The picture was hung in the company’s banquet hall alongside portraits of King Charles II, King William III and King George III. The merchant guilds, whose members consist largely of prominent businessmen, are descended from medieval trade guilds.
Top Designer Cherishes Gowns Diana Owned
Pat Kerr of Memphis, Tenn., an internationally noted designer of exquisite and expensive bridal gowns, on her travels to London over the past 20 years had met Princess Diana several times. It’s no wonder it was very important for Kerr to buy some of the late princess’s famous gowns during their auction for charity at Christie’s.
Kerr owns four of Princess Diana’s gowns, which she claims she “will never sell, nor will anyone ever try them on.” They’ll never leave the private collection she has been accumulating for the past 30 years. “I’m looking at having these dressesin a museum so that people can look at them 100 years from now.”
She said she’s never purchased so many contemporary gowns before as she did at the auction held at Christie’s. “I have major pieces from Queen Victoria, Queen Alexandra, the Duke of Wellington and Queen Mary as well as the Duke and Duchess of Wellington.”
At an interview in a suite in the plush Carlyle Hotel in uptown Manhattan, Kerr recently had informal showings of her newest bridal and couture clothing designs. Her bridal creations are dubbed “the Rolls-Royce of bridal wear.”
Kerr is one the few international designers to be sole owner of a high-fashion business based in the United States using American artisans and labor. Her design studio, workshops and factory are all in Memphis, where she lives with her husband, John Tigrett, an international financier and financial consultant. Kerr’s avid interest in rare laces and royal memorabilia, some dating to the 17th century, has resulted in a priceless collection she’ll someday install in a museum. It’s in storage at present, said Kerr, who is most often referred to as “the lace queen.”
Kerr talked about her latest collection of designs, about her meetings with the Princess of Wales and her new historic treasures. “It’s funny how I got there,” she said of the auction. “I ordered the catalog because I’m a collector. A friend from Christie’s called me and asked why my name wasn’t on the lottery.”
She ended up with four priceless gowns.
One is a romantic Victorian revival dinner dress of black velvet trimmed with lace at the neckline and cuffs which had a price tag of $31,000.
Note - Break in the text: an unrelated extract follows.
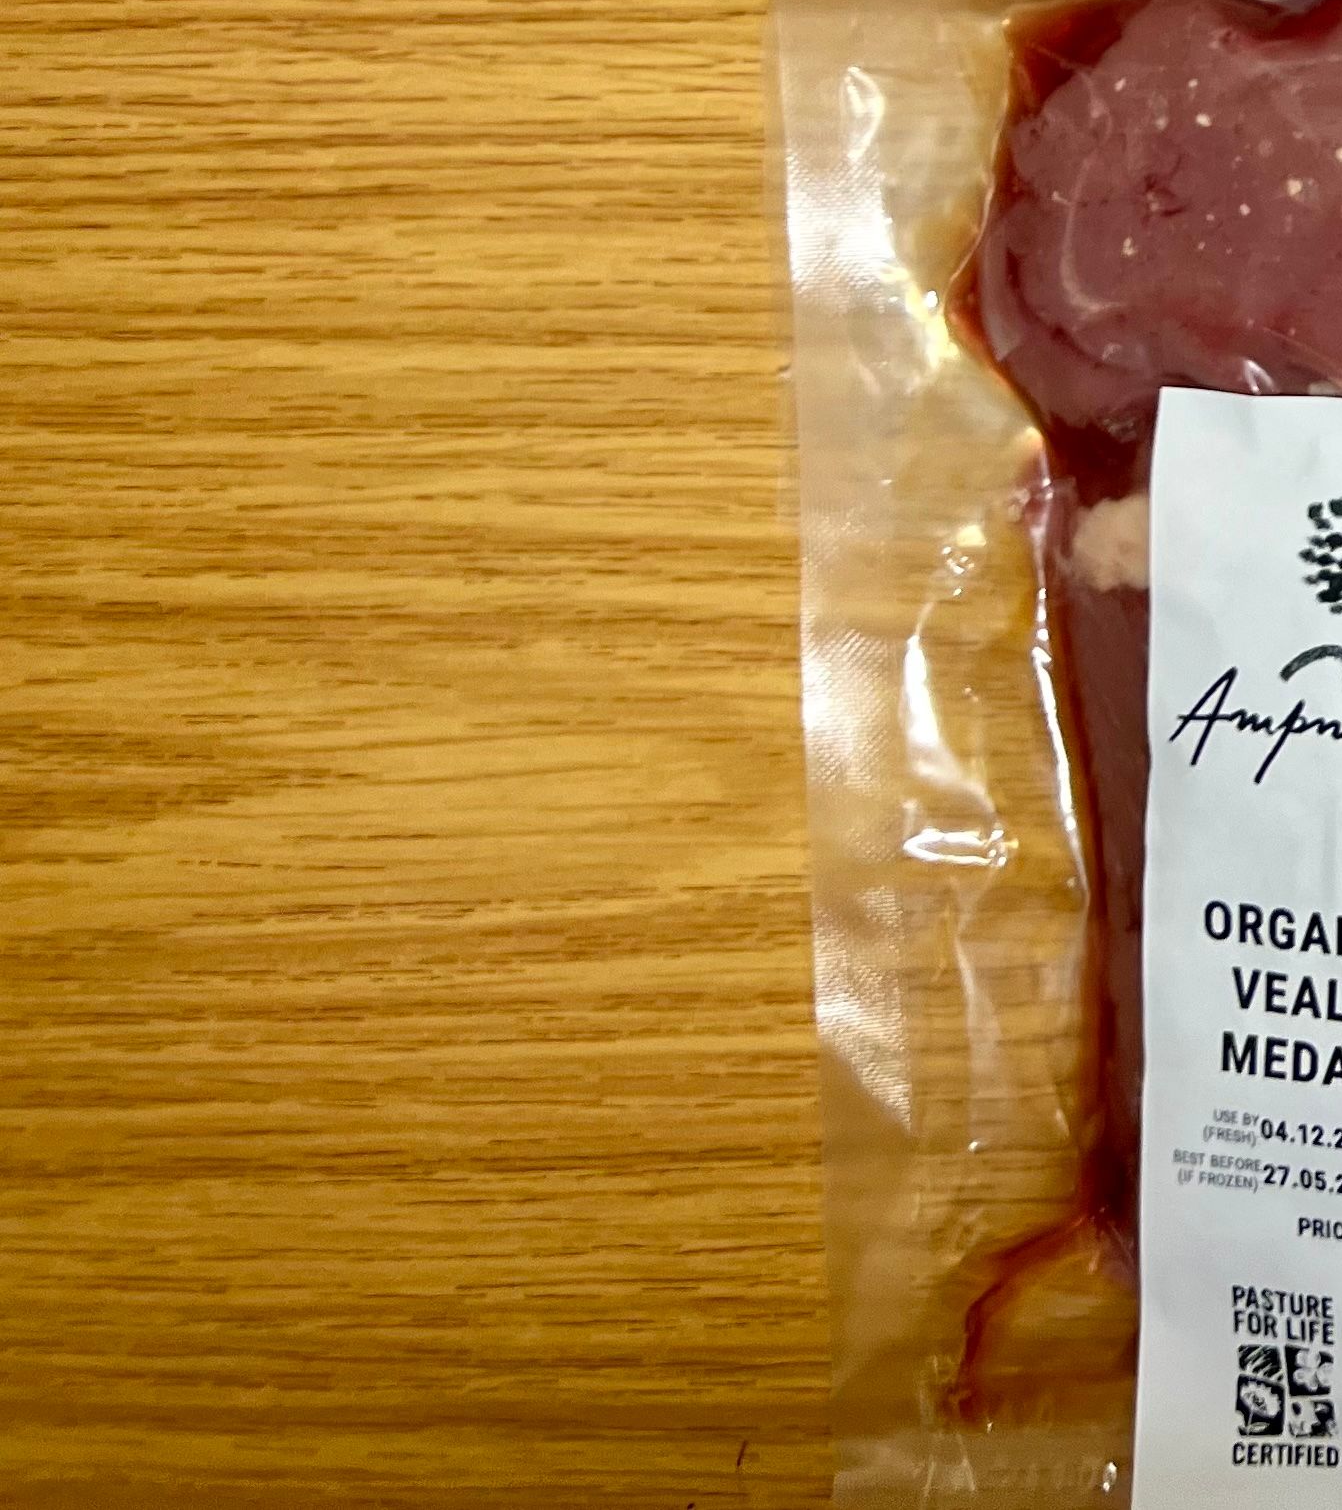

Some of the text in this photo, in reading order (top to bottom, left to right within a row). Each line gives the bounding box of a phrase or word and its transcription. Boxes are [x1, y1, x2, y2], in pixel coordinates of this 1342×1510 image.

Another is a ballerina-length strapless dress of midnight blue silk tulle with a dropped waistline and bodice draped with vertical pleating and embroidered with diamante brilliants. The dress was made to be worn at a private dinner given by former King Constantine of the Hellenes in 1986 at Claridge’s. Princess Di also wore the dress at the Royal Opera House and Covent Garden in 1987, and again in Paris in 1988. At $48,000 this dress was the costliest of the four Kerr purchased.
A Goya-esque Spanish dancer-inspired dress of black silk lace layered over deep magenta silk, which was worn for an official visit in Germany in 1987, was purchased for $22,000. The fourth, a formal dinner dress of cream silk embroidered with a flight of gold and silver sequinned falcons on the bodice and train, sold for $31,000. It was worn on an official visit to Saudi Arabia.
Kerr noted that Princess Diana gave the public two great ceremonies in her life — her wedding day and her funeral.
“She influenced my business remarkably with her wedding in 1981 because that was about the time I was just getting started in the early ’80s. People around the world were watching the wedding, especially girls who were influenced and impressed by her bigger-than-life bridal gown — even young women who are getting married today.”